Special to Globe and Mail Update

It's time for the technology industries to celebrate Mother's Day.

Like anything worth celebrating, the influence of mothers in the tech industry is contradictory. If you work for Ericsson, for example, just being of prime parenthood age can get you a buyout offer. The company recently offered 1,000 of its Swedish employees between the ages of 35 and 50 a voluntary buy out. They hope to replace those expensive, long term employees with 900 workers under the age of 30. The move flies in the face of study results that concluded that becoming a mother makes women more focused, effective, efficient and productive at work. (see Giving Birth to Supermom.)

Does aging make technology workers less flexible? Less able to adapt to innovations in our fields? Does it make us less productive?

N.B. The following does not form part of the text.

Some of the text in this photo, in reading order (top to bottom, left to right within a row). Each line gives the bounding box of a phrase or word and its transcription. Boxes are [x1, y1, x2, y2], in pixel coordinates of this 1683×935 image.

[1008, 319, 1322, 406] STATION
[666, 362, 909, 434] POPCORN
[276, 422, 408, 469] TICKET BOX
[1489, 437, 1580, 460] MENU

The older generation seems to have adapted. For every anecdote from programmers who are their parents' personal telephone tech support, there is a story of a mother who overcame technophobia to become more productive both at work and at home.

I remember my own mother's reaction to a mid-1980s offer in the Canadian Tire Christmas catalogue. "Why on earth would I want a free mouse with my computer?!" she said.

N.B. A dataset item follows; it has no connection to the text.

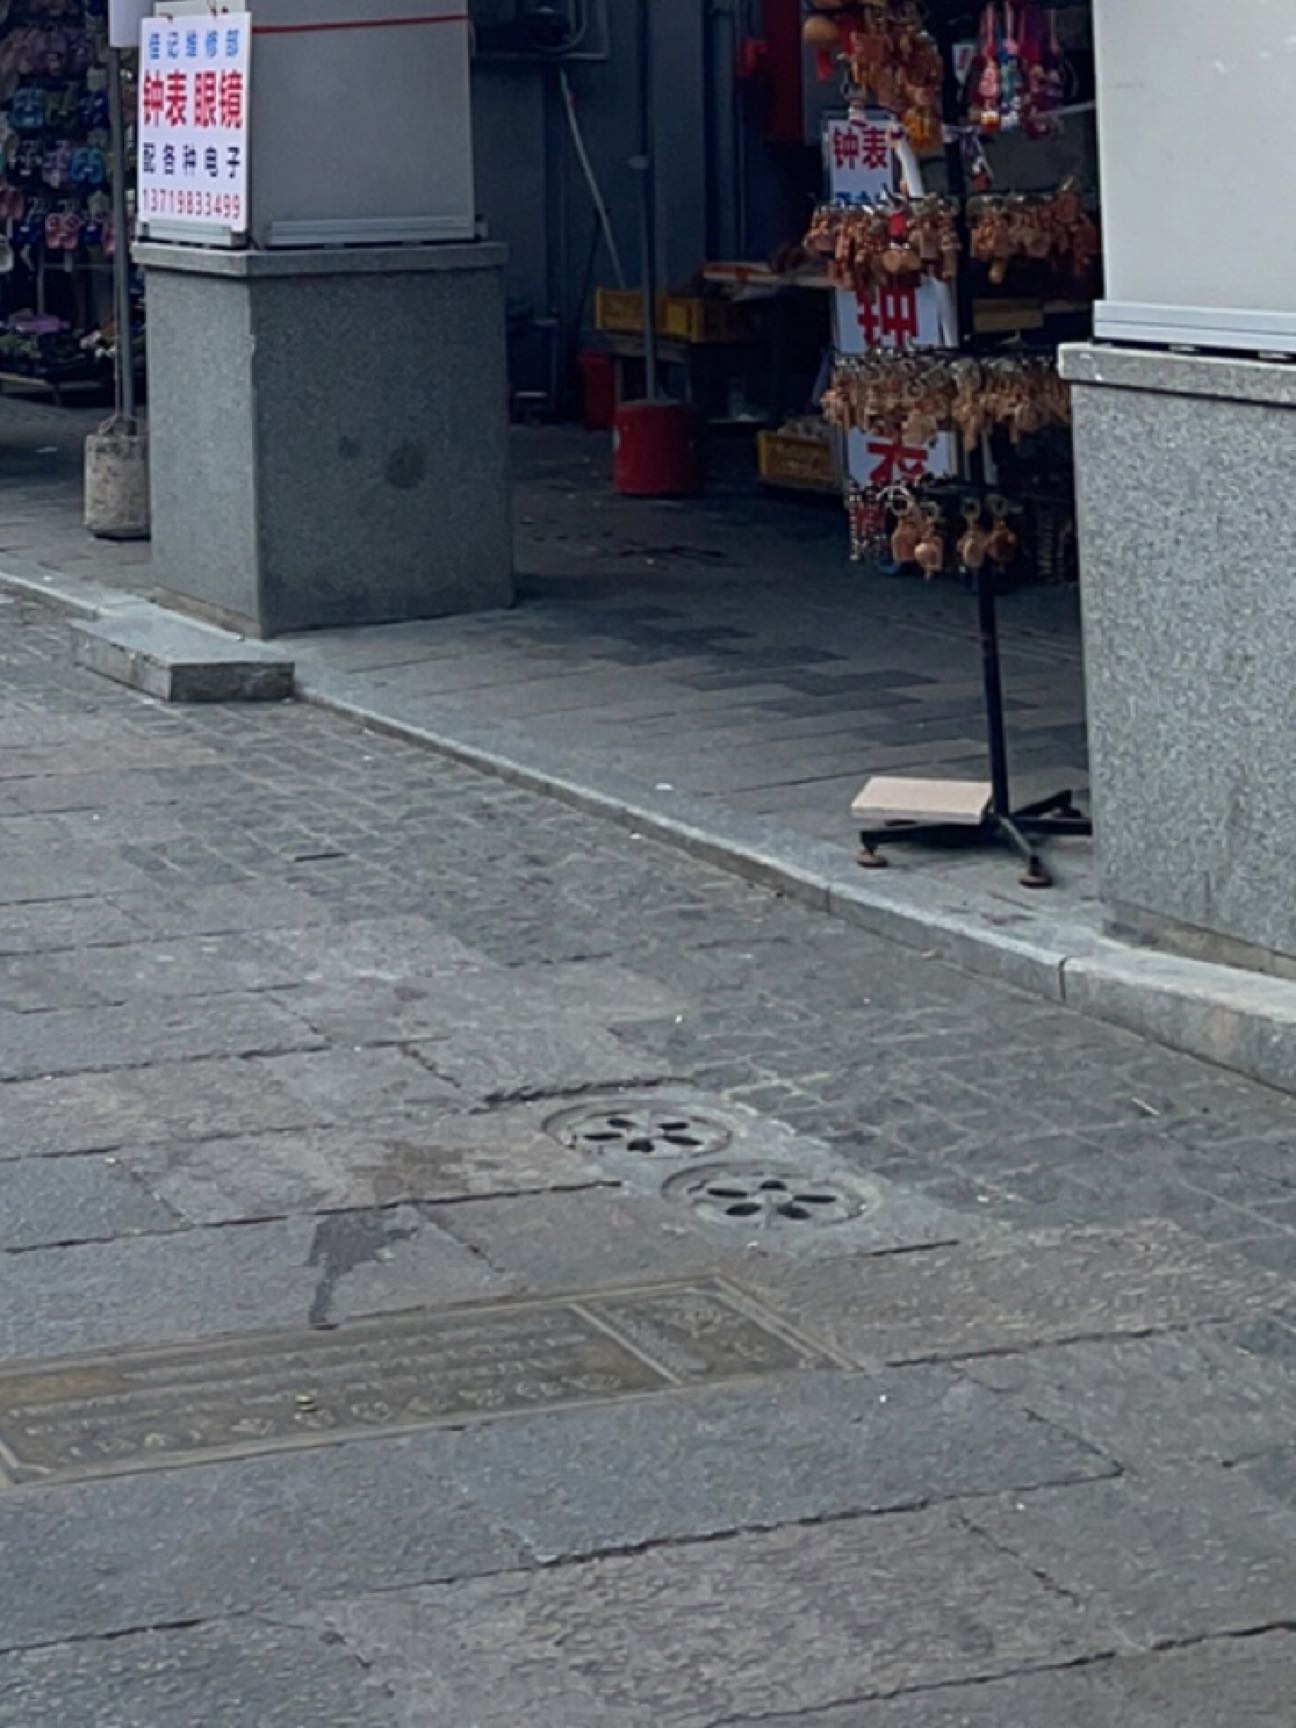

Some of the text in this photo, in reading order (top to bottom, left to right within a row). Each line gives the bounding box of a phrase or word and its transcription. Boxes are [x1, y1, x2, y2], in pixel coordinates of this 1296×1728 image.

Twenty years later my mother is, perhaps surprisingly, the opposite of technologically inept. She shares URLs with her classes, customizes settings, she uses computerized report-card systems with ease and accepts or rejects substitute teaching jobs over a telephone-operated scheduling system. Clearly she no longer believes that every mouse has four legs and a long tail.

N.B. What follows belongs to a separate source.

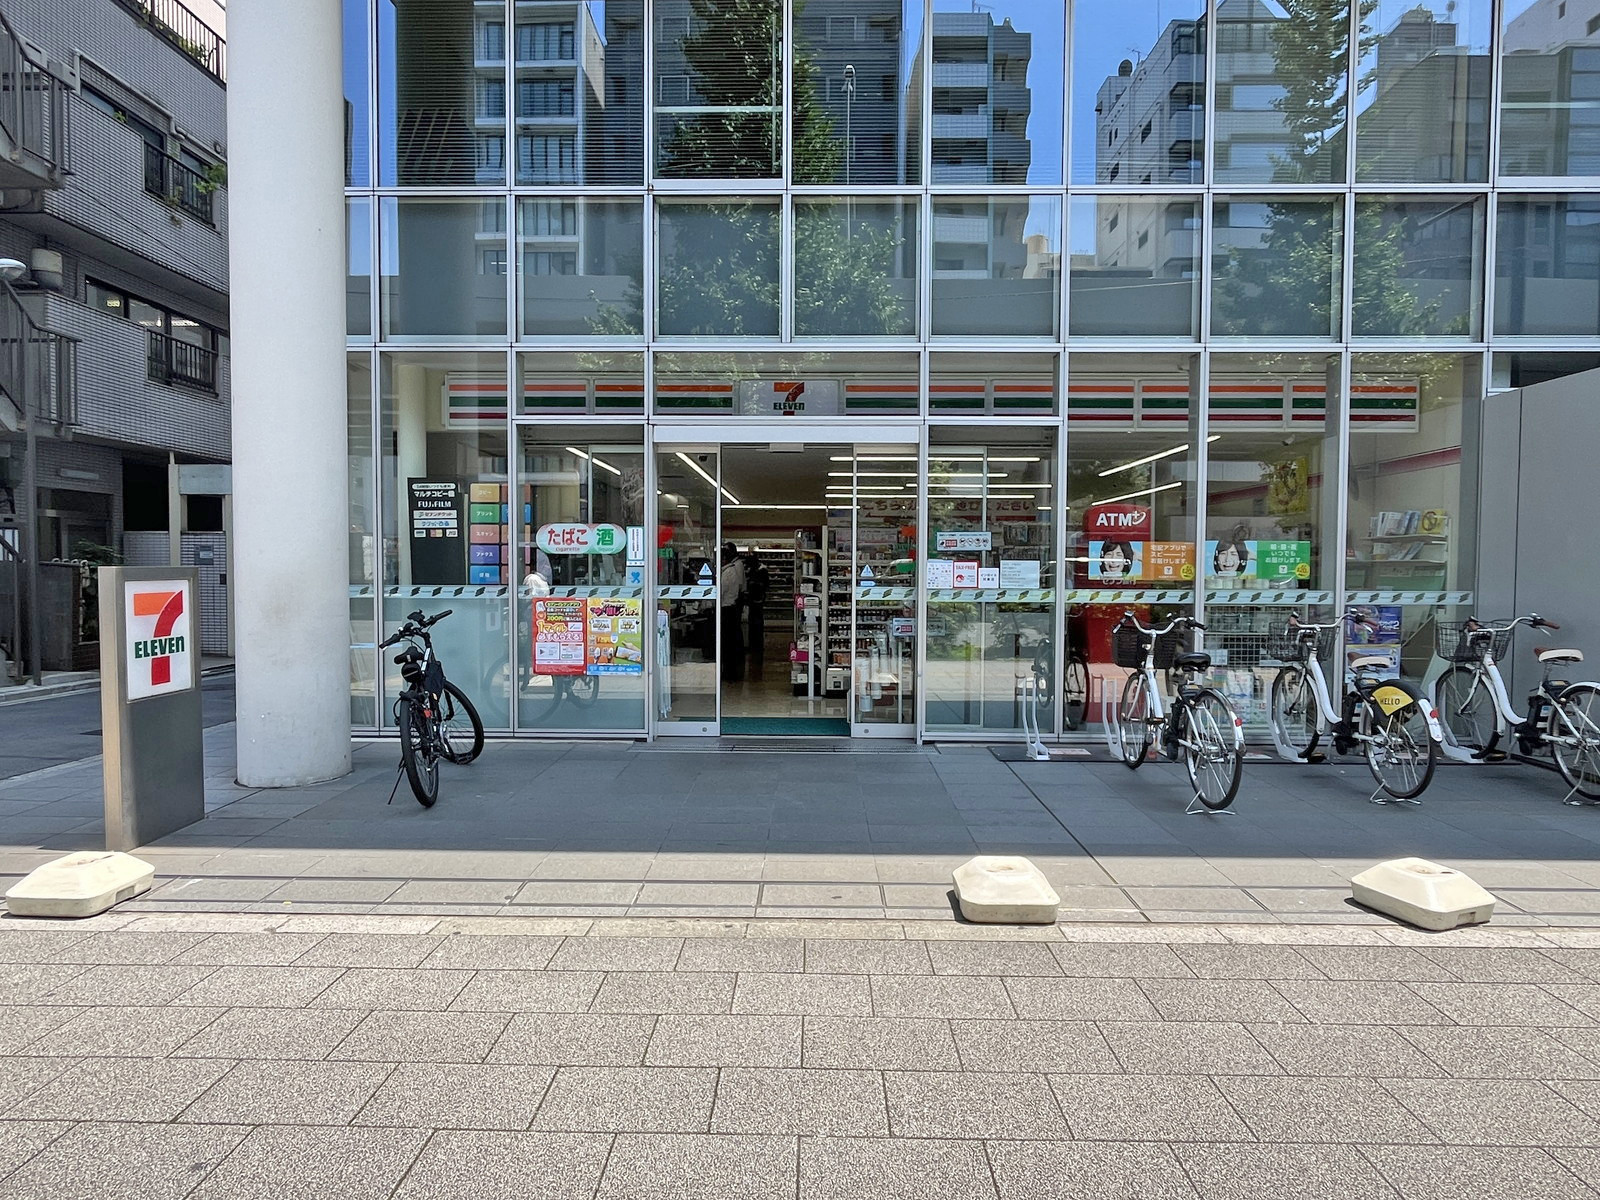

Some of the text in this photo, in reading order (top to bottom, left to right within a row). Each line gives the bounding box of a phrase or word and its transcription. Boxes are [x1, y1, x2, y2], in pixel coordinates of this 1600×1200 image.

Ilse Schafer, mother of Tucows marketing vice-president Ken Schafer, was determined to prove herself as an adaptable career woman. More than 20 years ago, Ilse delayed her retirement so that she could undergo training on the new computer system being installed at the University library where she worked.

"She wanted to show that she could do it and as soon as she'd finished training and could do it — she retired, triumphant," Ken Schafer remembers.

Upon retirement though, technical innovations were the last thing on Ilse's mind. Ken doubts that his mother even understood what he has done for a living for the past 12 years. Her former triumph was to return, though. Ilse conquered her fears of unknown technology when she realized it was the only way to remain connected to her children and 10 and 12 year-old grandchildren. For Christmas 2004 the Schafer family set Ilse up with a hand-me-down computer and high speed access. She's been on-line several times a day ever since. Not bad for an 84 year-old.

And then, there are the mothers who used technology to launch an entirely new career. Dr. Hsien-Hsien Lei, author of the blog www.GeneticsandHealth.com, cites her mother as her science and technology guru. Kuei-Yu Lei, 59, started community college classes in programming in PASCAL and FORTRAN at the age of 38 and began her career working for a software start up 10 years ago. Still employed in the industry, the elder Lei's skills are useful in the domestic setting as well. She has taught her daughter how to hook up all the computers in the house so that the family can communicate wirelessly. She also reconfigured an old laptop for her three year-old grandson to play computer games on.

"I'm not only proud of her as a capable mother and an intelligent woman, I'm also grateful she taught me how to figure things out either by learning about it systematically in school or by trial and error," says Hsien-Hsien of Kuei-Yu. "That's what being tech savvy is all about — being willing to take risks and try something that other people don't think will work."

One can only hope that Ericsson, and other companies who seek out cheaper, younger workers, won't regret losing the flexibility and adaptability older generations obviously bring to the job.